◆ **DIRECTIONS FOR THIS TASK**: Repeat the records below verbatim, and do not copy their pictures.

Collected data:
▬▬▬▬▬▬

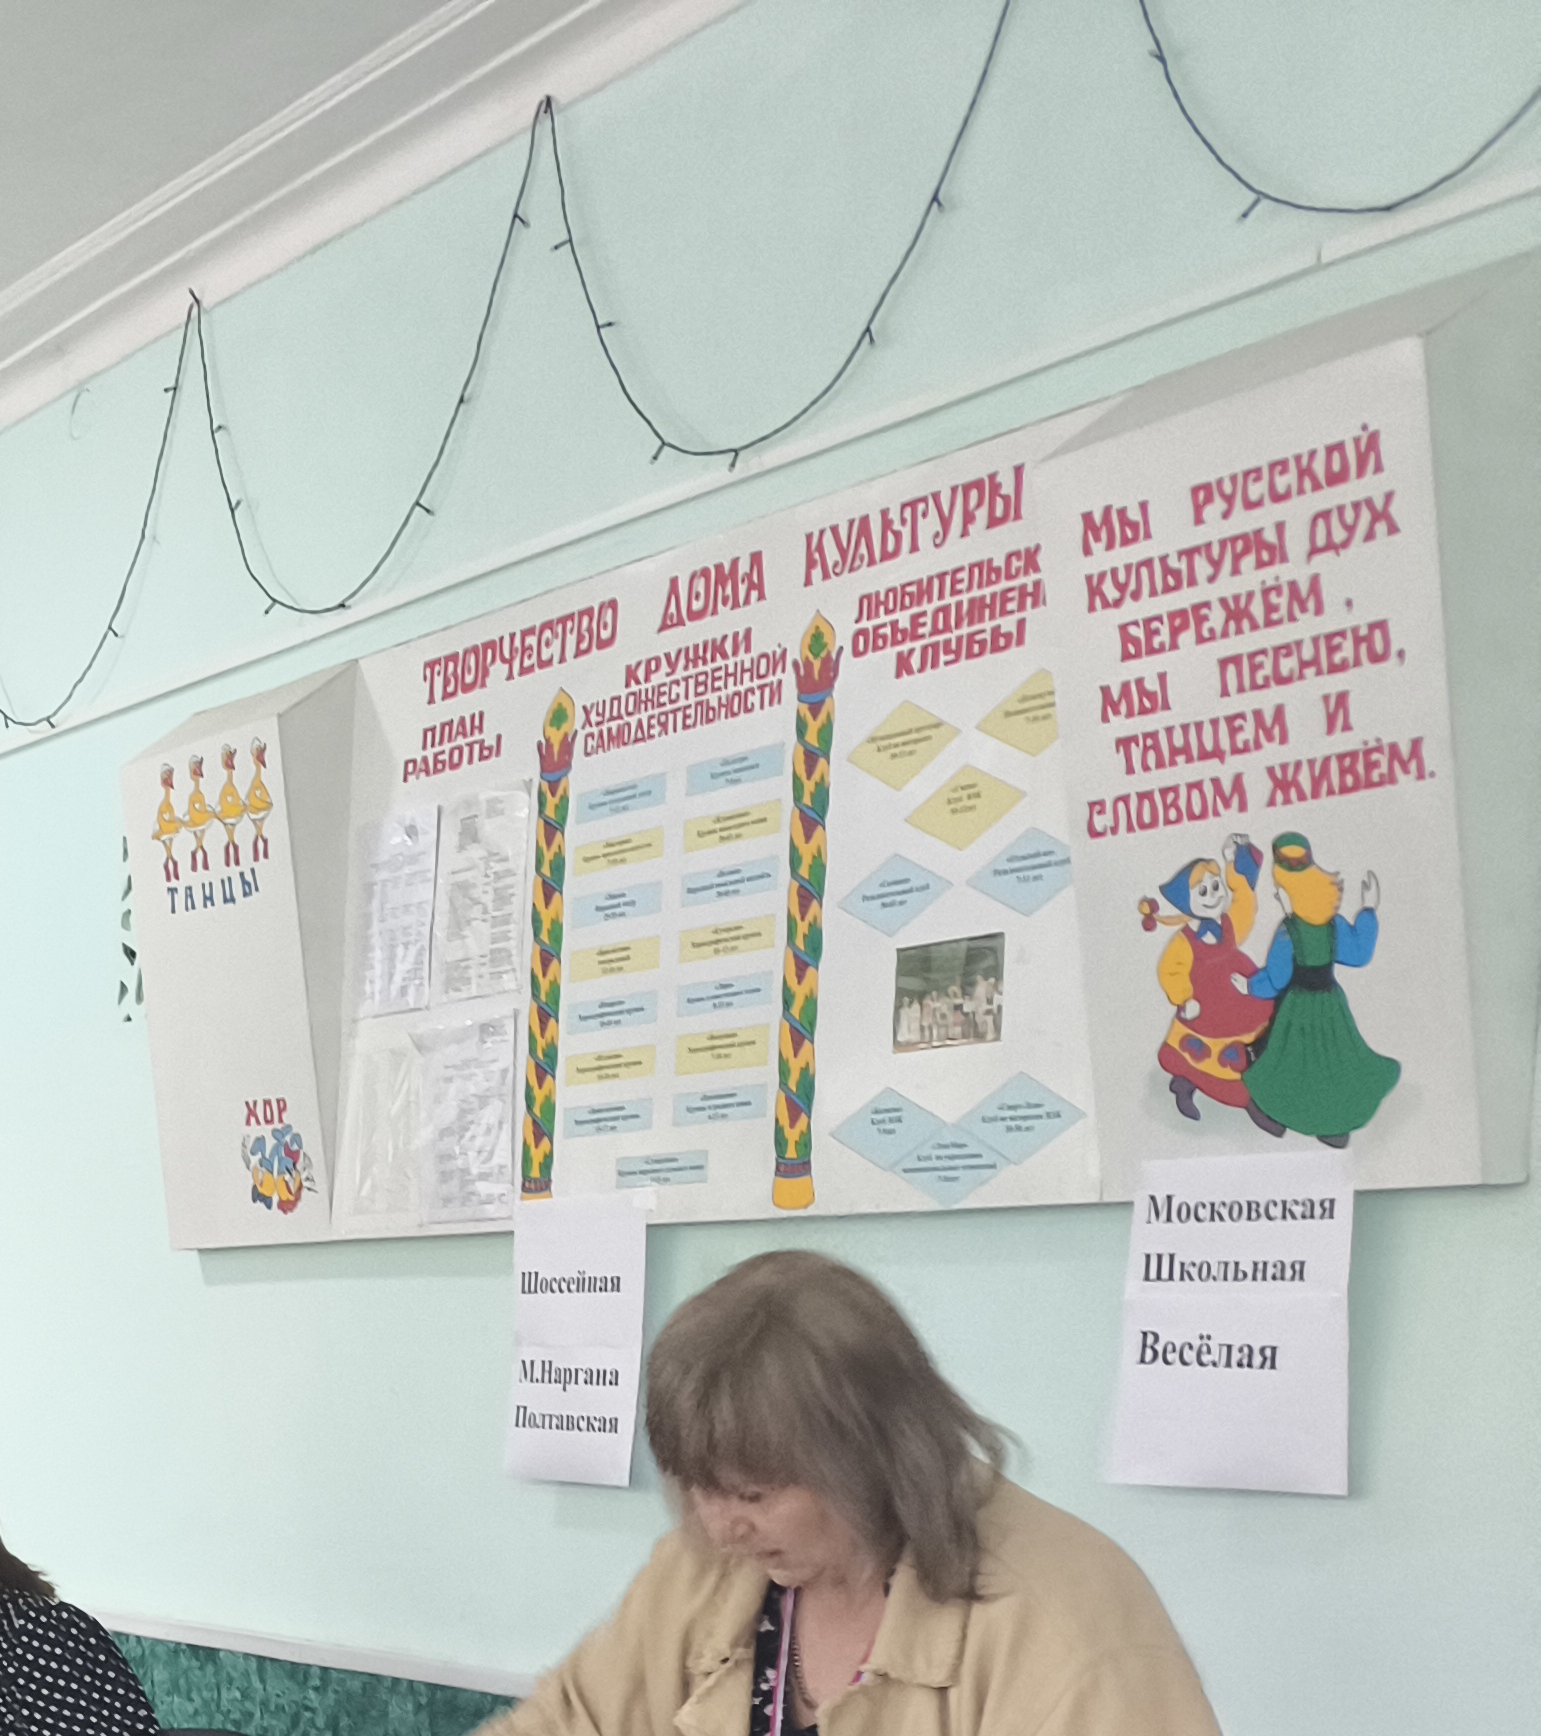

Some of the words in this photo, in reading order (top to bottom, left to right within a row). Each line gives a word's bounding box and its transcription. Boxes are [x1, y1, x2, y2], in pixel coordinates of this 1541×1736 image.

[1080, 500, 1153, 557] МЫ
[1190, 423, 1385, 526] РУССКОЙ
[1084, 520, 1290, 614] КУЛЬТУРЫ
[1306, 490, 1402, 564] ДУХ
[422, 597, 618, 705] ТВОРЧЕСТВО
[657, 550, 767, 633] ДОМА
[803, 463, 1026, 588] КУЛЬТУРЫ
[851, 578, 1047, 659] ОБЪЕДИНЕН
[894, 616, 1027, 680] КЛУБЫ
[581, 643, 788, 730] ХУДОЖЕСТВЕННОЙ
[624, 626, 753, 689] КРУЖКИ
[1099, 671, 1172, 724] МЫ
[1217, 618, 1407, 698] ПЕСНЕЮ,
[421, 709, 485, 751] ПЛАН
[583, 678, 783, 758] САМОДЕЯТЕЛЬНОСТИ
[1115, 703, 1289, 775] ТАНЦЕМ
[1321, 689, 1354, 737] И
[402, 733, 503, 784] РАБОТЫ
[1086, 772, 1249, 839] СЛОВОМ
[1265, 736, 1437, 808] ЖИВЁМ.
[166, 867, 261, 915] ТАНЦЫ
[244, 1097, 288, 1128] ХОР
[1144, 1192, 1337, 1227] Московская
[520, 1269, 622, 1295] Шоссейная
[1141, 1250, 1308, 1285] Школьная
[1137, 1329, 1279, 1372] Весёлая
[514, 1404, 619, 1434] Полтавская

▬▬▬▬▬▬

◆ **REPLY TO THE TASK**:
Some of the words in this photo, in reading order (top to bottom, left to right within a row). Each line gives a word's bounding box and its transcription. Boxes are [x1, y1, x2, y2], in pixel coordinates of this 1541×1736 image.

[1080, 500, 1153, 557] МЫ
[1190, 423, 1385, 526] РУССКОЙ
[1084, 520, 1290, 614] КУЛЬТУРЫ
[1306, 490, 1402, 564] ДУХ
[422, 597, 618, 705] ТВОРЧЕСТВО
[657, 550, 767, 633] ДОМА
[803, 463, 1026, 588] КУЛЬТУРЫ
[851, 578, 1047, 659] ОБЪЕДИНЕН
[894, 616, 1027, 680] КЛУБЫ
[581, 643, 788, 730] ХУДОЖЕСТВЕННОЙ
[624, 626, 753, 689] КРУЖКИ
[1099, 671, 1172, 724] МЫ
[1217, 618, 1407, 698] ПЕСНЕЮ,
[421, 709, 485, 751] ПЛАН
[583, 678, 783, 758] САМОДЕЯТЕЛЬНОСТИ
[1115, 703, 1289, 775] ТАНЦЕМ
[1321, 689, 1354, 737] И
[402, 733, 503, 784] РАБОТЫ
[1086, 772, 1249, 839] СЛОВОМ
[1265, 736, 1437, 808] ЖИВЁМ.
[166, 867, 261, 915] ТАНЦЫ
[244, 1097, 288, 1128] ХОР
[1144, 1192, 1337, 1227] Московская
[520, 1269, 622, 1295] Шоссейная
[1141, 1250, 1308, 1285] Школьная
[1137, 1329, 1279, 1372] Весёлая
[514, 1404, 619, 1434] Полтавская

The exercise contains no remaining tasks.